L’itinerario prosegue verso la sezione Fashion Goods, che espone i prodotti della moda e dell’artigianato italiani quali capi di maglieria, gioielli, ceramiche e vetri; Shoppers Arcade è una scenografica strada cittadina riproducente le vie dello shopping italiano quali la milanese Montenapoleone e la romana Condotti, sulla quale si affacciano le vetrine di negozi arredati secondo lo stile italiano e allestite con capi d’importazione italiana offerti dai retail stores di Philadelphia; il Padiglione siciliano, costruito in Italia e allestito in America, è un settore monotematico dedicato alla regione Sicilia; Arte e Artigianato sardo espone ceste, tappetti, ceramiche e gioielli provenienti dalla seconda grande isola dello Stivale; Export-Import Pier è una piccola esibizione collaterale di beni di consumo, che attraverso pannelli illustrativi ripercorre la storia delle trattative commerciali italo-americane; Mosaici di Ravenna illustra una collezione di mosaici moderni realizzati però con l’antica tecnica bizantina; Tessuti contemporanei mostra il meglio della produzione tessile italiana, offerta da quaranta manifatture; Interior Design ricrea piccoli allestimenti e interni domestici, arredati con mobili e suppellettili italiani; nella generica Arti Decorative sono invece raccolti tessuti, mobili e abiti italiani tipici del XIX Secolo; The Italian in America è un omaggio a tutti gli italiani che hanno contribuito a migliorare lo stile di vita americano; L’Italia onora i Philadelphiani espone le fotografie di illustri cittadini di Philadelphia che hanno ricevuto incarichi e onorificenze dalla Repubblica italiana; Arte dell’infanzia riserva uno spazio ai dipinti realizzati dai bimbini delle scuole italiane; Arte di Nivola è un’ala monotematica dedicata alle sculture di sabbia dell’artista italo-americano Costantino Nivola; e infine la sezione Figurini della Commedia dell’Arte espone statuine ceramiche riproducenti i personaggi tradizionali del teatro italiano, prestate dall’attore Joseph Cotten.
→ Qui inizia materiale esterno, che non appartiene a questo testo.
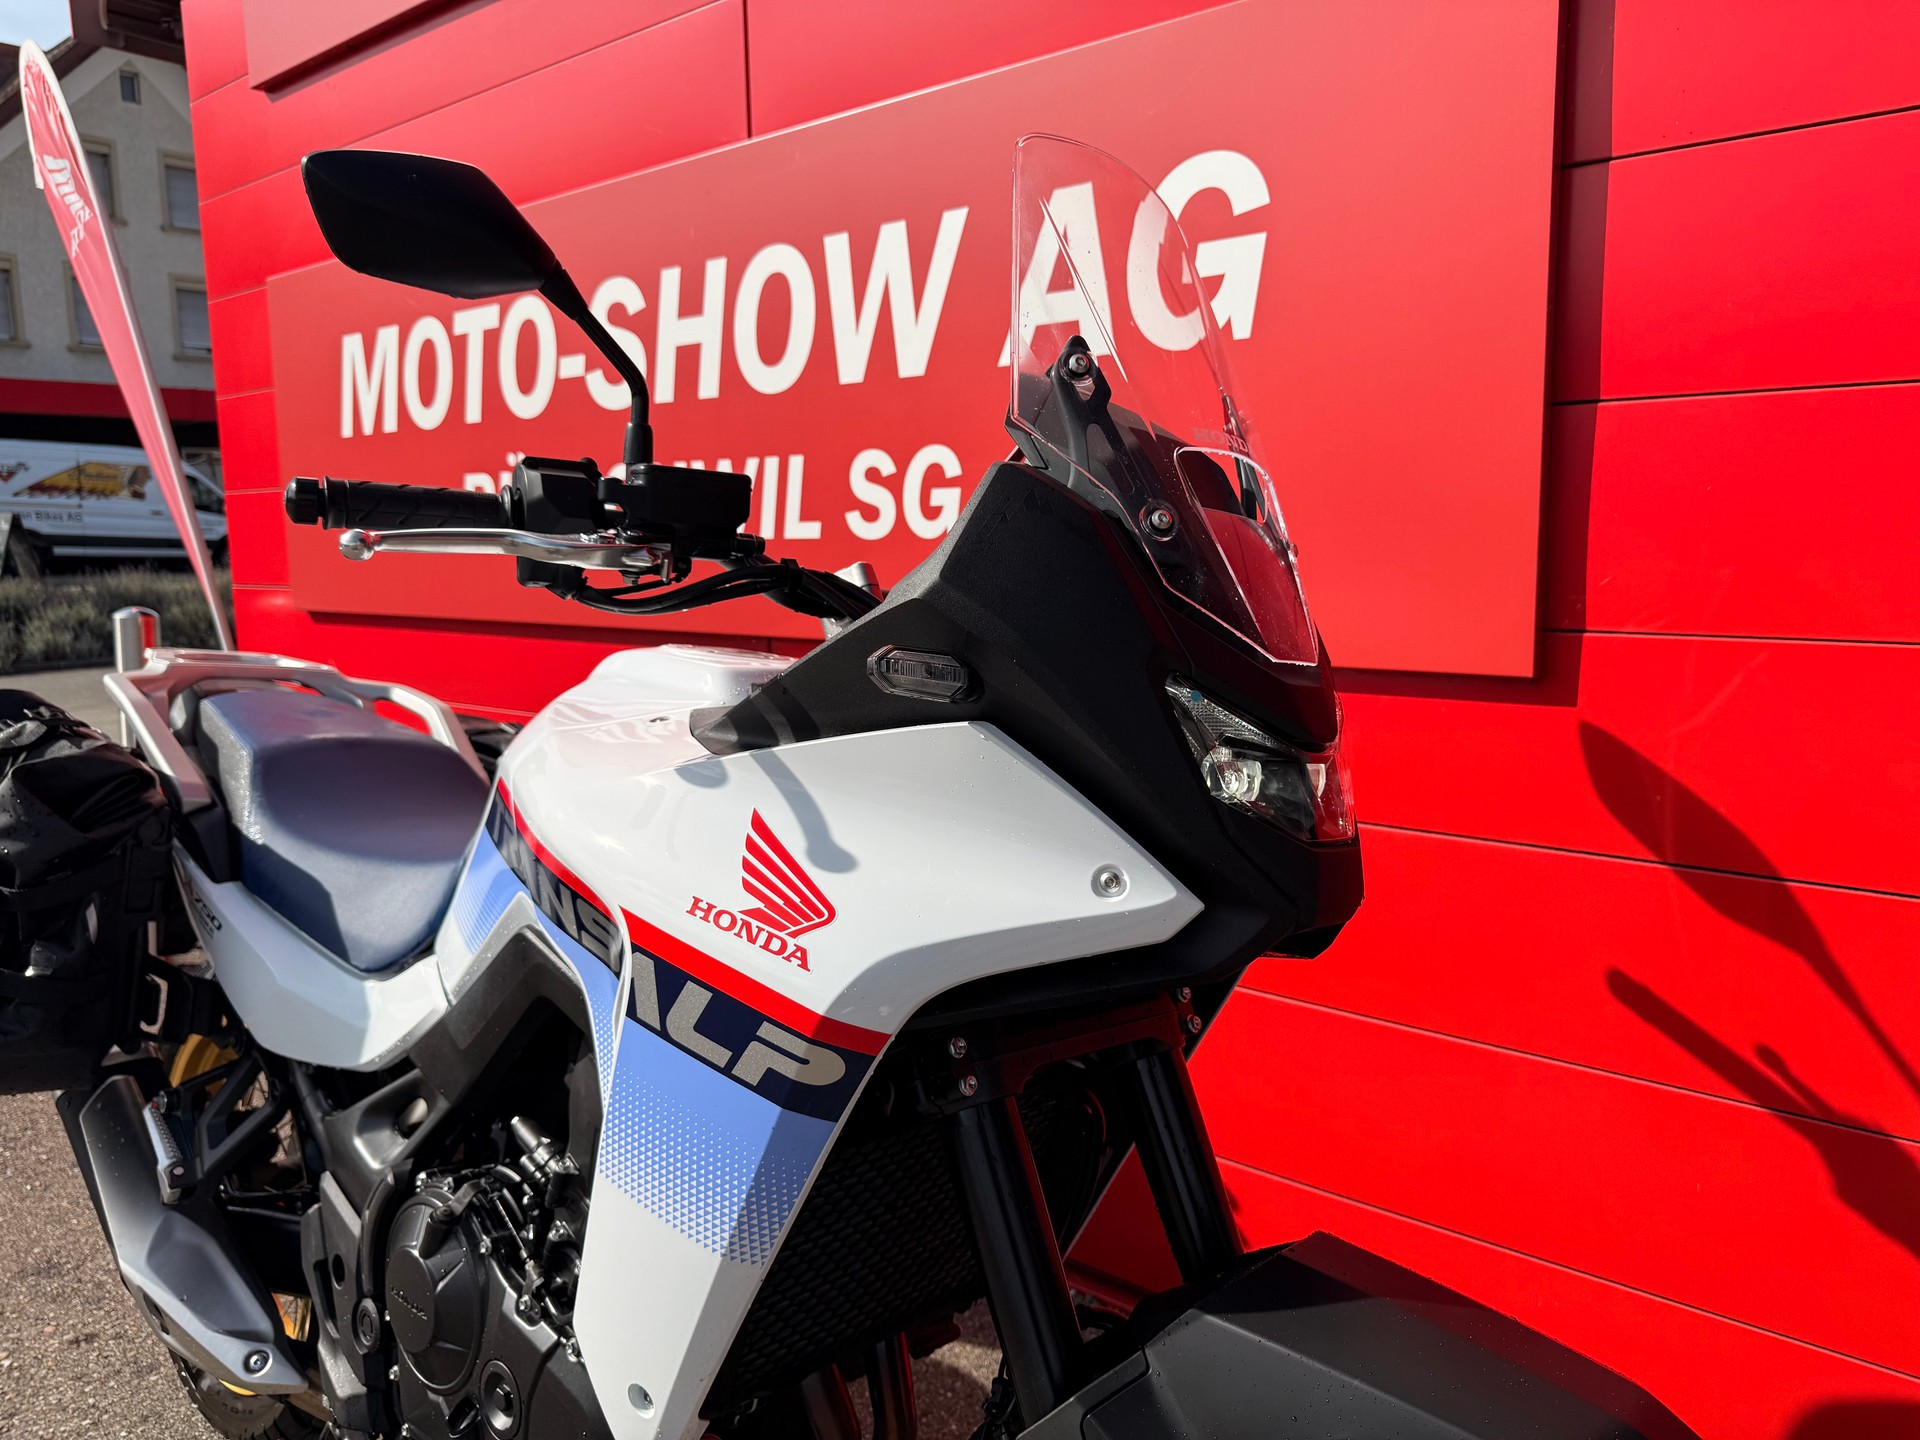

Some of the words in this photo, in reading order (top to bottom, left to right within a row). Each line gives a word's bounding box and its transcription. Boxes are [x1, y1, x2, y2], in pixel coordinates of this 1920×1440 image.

[340, 206, 969, 439] MOTO-SHOW
[998, 149, 1272, 367] AG
[845, 443, 963, 540] SG
[687, 897, 812, 972] HONDA
Il lungo percorso espositivo attraversa geograficamente l’Italia da nord a sud, si snoda tra le sue arti e le sue industrie, penetra nella sua storia e ne restituisce un excursus completo che omaggia l’Italia tra cliché, aneddoti e aspetti più concreti e incisivi.
La mostra che celebra il centesimo anniversario italiano rappresenta però solo una parte di una manifestazione che è stata ragionevolmente pensata e definita come un “Festival”: il termine è infatti esplicativo di una rassegna più articolata e che, come una parata, sia diffusa oltre lo spazio museale.
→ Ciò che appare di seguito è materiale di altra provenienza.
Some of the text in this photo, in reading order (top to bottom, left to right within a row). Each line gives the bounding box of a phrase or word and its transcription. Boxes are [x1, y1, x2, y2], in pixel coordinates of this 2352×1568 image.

I documenti presenti in Archivio - ritagli di giornale, memorandum e brochure - registrano infatti un fitto calendario di iniziative e incontri, atti a coinvolgere i cittadini in alcuni eventi dall’eco italiana: le compagnie “Philadelphia Orchestra” e “Metropolitan Opera Company of New York” propongono concerti di lirica italiana; il “Philadelphia Ballet Guild” offre balletti moderni e tradizionali; “I Vivaci Choral Group”, “The Contemporary Chamber Music of Philapdelphia” e l’“Emerita String Orchestra” propongono concerti di musica classica, popolare e folcloristica. Dimostrazioni di cucina italiana, letture dal vivo dei classici della letteratura italiana e spettacoli di marionette sono allestiti negli spazi del “Trade Center”; la “Philadelphia Chamber of Commerce” calendarizza una conferenza sul tema del commercio con l’Italia; l’“Accademy of Music” di Philadelphia invita Luciano Tajoli e Betty Curtis, recenti vincitori dell’ultima edizione del Festival di San Remo, per una performance dal vivo; e il “Commercial Museum”, in collaborazione con il “Philadelphia Board of Education”, predispone i servizi educativi per le centinaia di scuole che hanno già prenotato una visita.
A eccezione dei concentri lirici, tutti gli eventi sopracitati sono gratuiti e a ingresso libero, (pur se gratuiti, alcuni prevendono però un ingresso a numero chiuso e la prenotazione). Riservati e su invito sono invece i ricevimenti allestiti negli spazi del “Commercial Museum” dai più importanti gruppi civici della città, quale l’“Ordine Figli d’Italia in America” (i “Sons of Italy”, la più antica organizzazione fraterna italo-americana), l’“Italian-American Society”, la “Foreign Traders Association”, la “Delaware Valley Industrial Editors” e la “Press Photographers Associations” che organizzano banchetti nel Museo, cui seguono visite speciali alla mostra. Infine, anche l’Università e la Chiesa Battista si riservano uno spazio nel corso della manifestazione <487.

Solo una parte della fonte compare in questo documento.